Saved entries

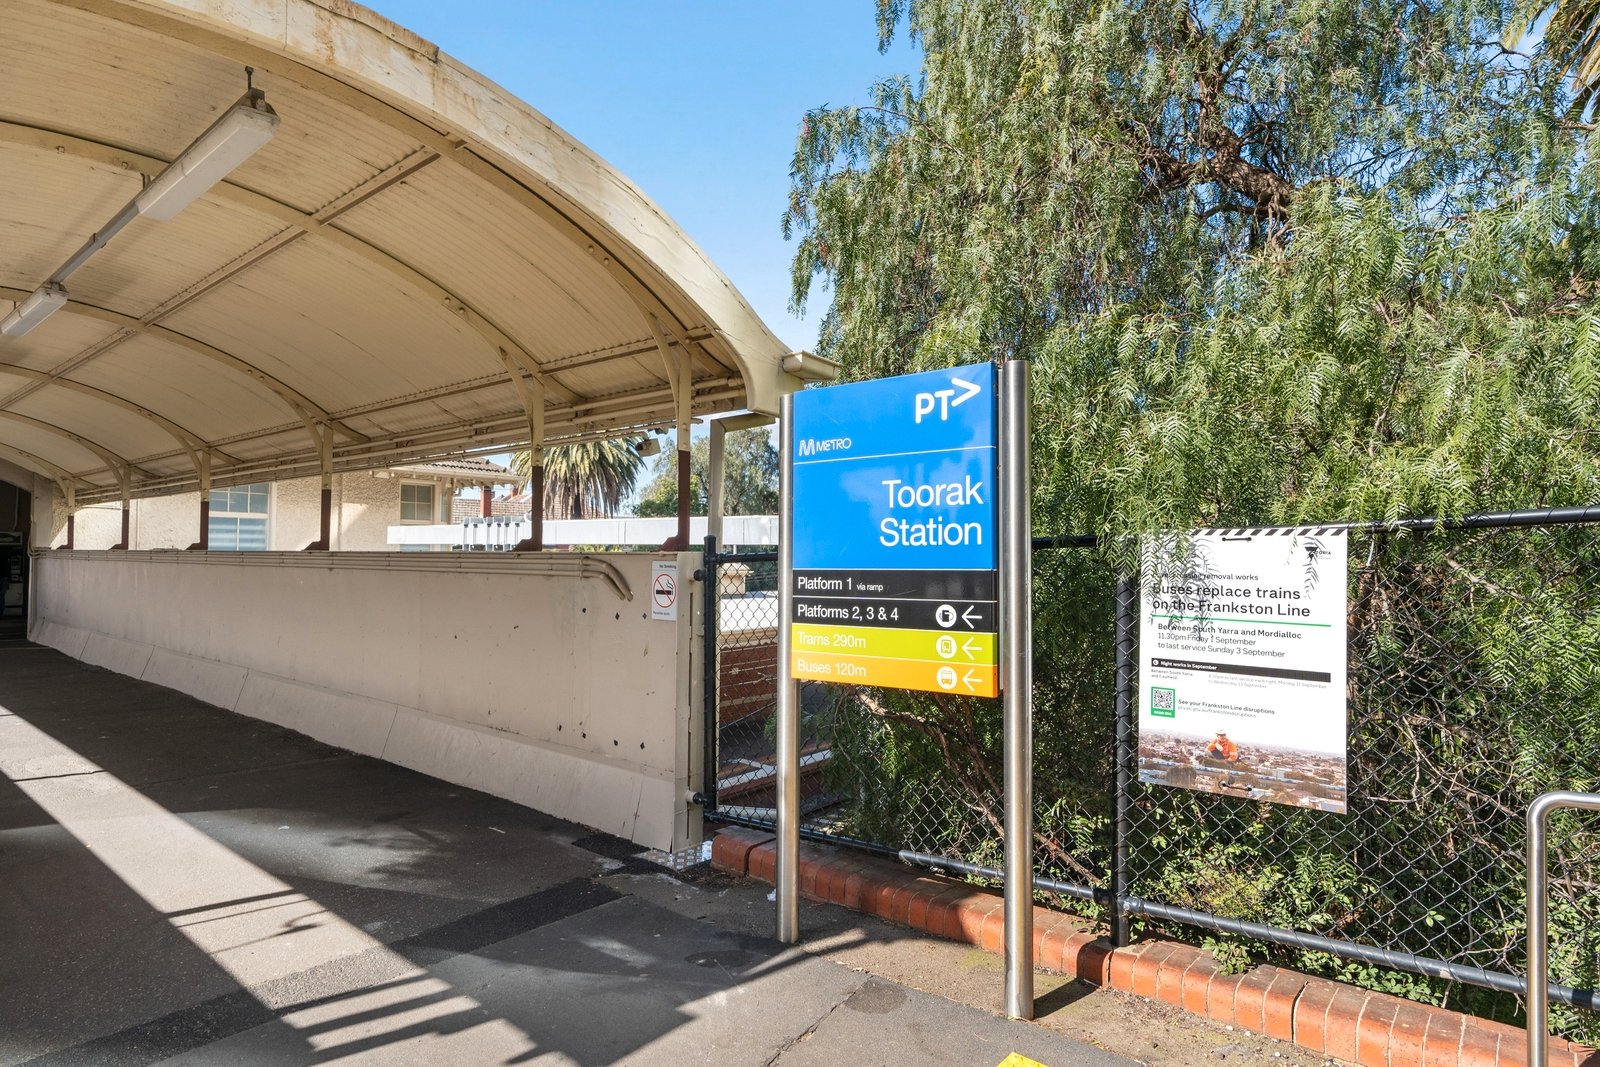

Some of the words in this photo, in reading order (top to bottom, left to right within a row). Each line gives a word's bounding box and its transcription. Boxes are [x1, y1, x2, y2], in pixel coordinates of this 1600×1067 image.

[816, 437, 852, 452] METRO
[881, 475, 984, 508] Toorak
[879, 516, 983, 547] Station
[797, 576, 843, 591] Platform
[846, 577, 852, 590] 1
[856, 582, 866, 591] via
[867, 584, 884, 593] ramp
[1235, 573, 1259, 581] works
[1196, 585, 1251, 599] replace
[1256, 587, 1301, 599] trains
[797, 603, 849, 619] Platforms
[851, 606, 863, 622] 2,
[866, 607, 875, 620] 3
[879, 607, 887, 621] &
[890, 607, 899, 621] 4
[1153, 600, 1169, 610] on
[1172, 599, 1195, 611] the
[1199, 600, 1273, 615] Frankston
[1277, 604, 1311, 617] Line
[1158, 623, 1191, 632] Between
[1192, 625, 1216, 633] South
[1217, 626, 1239, 635] Yarra
[1257, 629, 1302, 639] Mordialloc
[1158, 632, 1186, 641] 11.30pm
[1187, 634, 1209, 644] Friday
[1215, 636, 1257, 646] September
[797, 631, 830, 646] Trams
[833, 633, 866, 649] 290m
[1166, 642, 1179, 650] last
[1180, 644, 1206, 652] service
[1207, 645, 1235, 655] Sunday
[1236, 647, 1241, 655] 3
[1242, 647, 1286, 658] September
[797, 659, 831, 674] Buses
[835, 663, 867, 678] 120m
[1202, 701, 1230, 710] Frankston
[1243, 706, 1275, 715] disruptions

Try it - When you return the records, keep every word unchanged and drop the pictures.

Reply -
Some of the words in this photo, in reading order (top to bottom, left to right within a row). Each line gives a word's bounding box and its transcription. Boxes are [x1, y1, x2, y2], in pixel coordinates of this 1600×1067 image.

[816, 437, 852, 452] METRO
[881, 475, 984, 508] Toorak
[879, 516, 983, 547] Station
[797, 576, 843, 591] Platform
[846, 577, 852, 590] 1
[856, 582, 866, 591] via
[867, 584, 884, 593] ramp
[1235, 573, 1259, 581] works
[1196, 585, 1251, 599] replace
[1256, 587, 1301, 599] trains
[797, 603, 849, 619] Platforms
[851, 606, 863, 622] 2,
[866, 607, 875, 620] 3
[879, 607, 887, 621] &
[890, 607, 899, 621] 4
[1153, 600, 1169, 610] on
[1172, 599, 1195, 611] the
[1199, 600, 1273, 615] Frankston
[1277, 604, 1311, 617] Line
[1158, 623, 1191, 632] Between
[1192, 625, 1216, 633] South
[1217, 626, 1239, 635] Yarra
[1257, 629, 1302, 639] Mordialloc
[1158, 632, 1186, 641] 11.30pm
[1187, 634, 1209, 644] Friday
[1215, 636, 1257, 646] September
[797, 631, 830, 646] Trams
[833, 633, 866, 649] 290m
[1166, 642, 1179, 650] last
[1180, 644, 1206, 652] service
[1207, 645, 1235, 655] Sunday
[1236, 647, 1241, 655] 3
[1242, 647, 1286, 658] September
[797, 659, 831, 674] Buses
[835, 663, 867, 678] 120m
[1202, 701, 1230, 710] Frankston
[1243, 706, 1275, 715] disruptions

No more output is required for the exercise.